- [WHAT THE TASK ASKS] Leave out the images and repeat the listing below without a single change.

- [ENTRIES SHOWN]
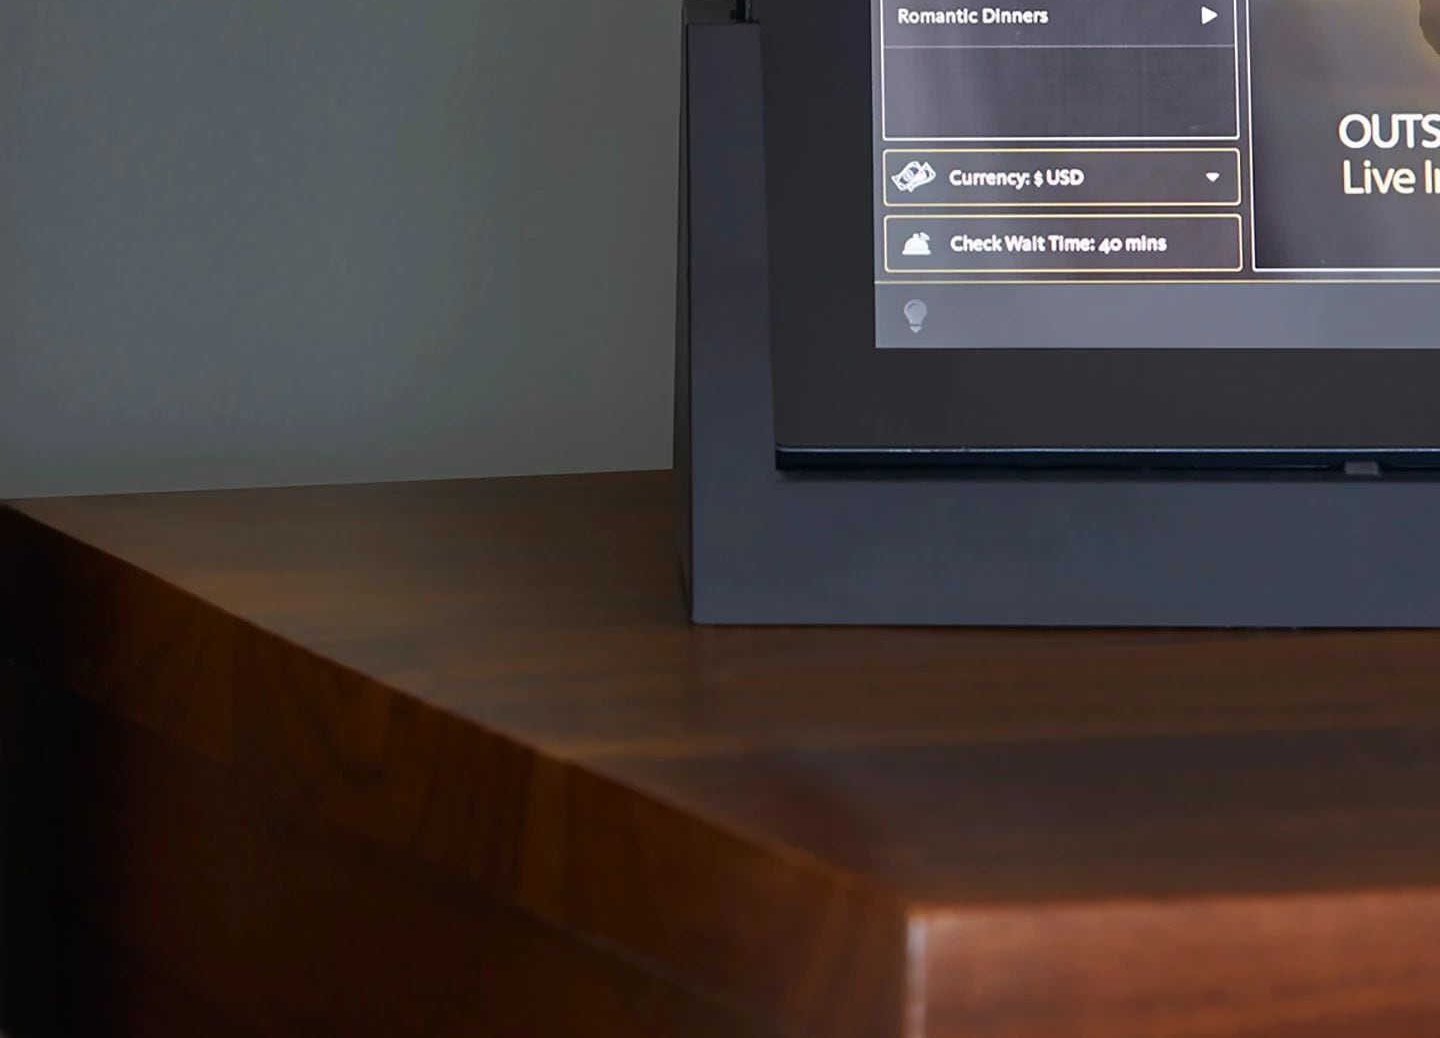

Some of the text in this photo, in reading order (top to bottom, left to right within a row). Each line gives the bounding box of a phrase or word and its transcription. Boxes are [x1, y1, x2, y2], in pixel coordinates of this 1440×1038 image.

[897, 8, 1049, 24] Romantic Dinners
[949, 169, 1085, 189] Currency: $ USD
[1342, 160, 1416, 195] Live
[950, 234, 1168, 255] Check Wait Time: 40 mins

- [EXPECTED ANSWER]
Some of the text in this photo, in reading order (top to bottom, left to right within a row). Each line gives the bounding box of a phrase or word and its transcription. Boxes are [x1, y1, x2, y2], in pixel coordinates of this 1440×1038 image.

[897, 8, 1049, 24] Romantic Dinners
[949, 169, 1085, 189] Currency: $ USD
[1342, 160, 1416, 195] Live
[950, 234, 1168, 255] Check Wait Time: 40 mins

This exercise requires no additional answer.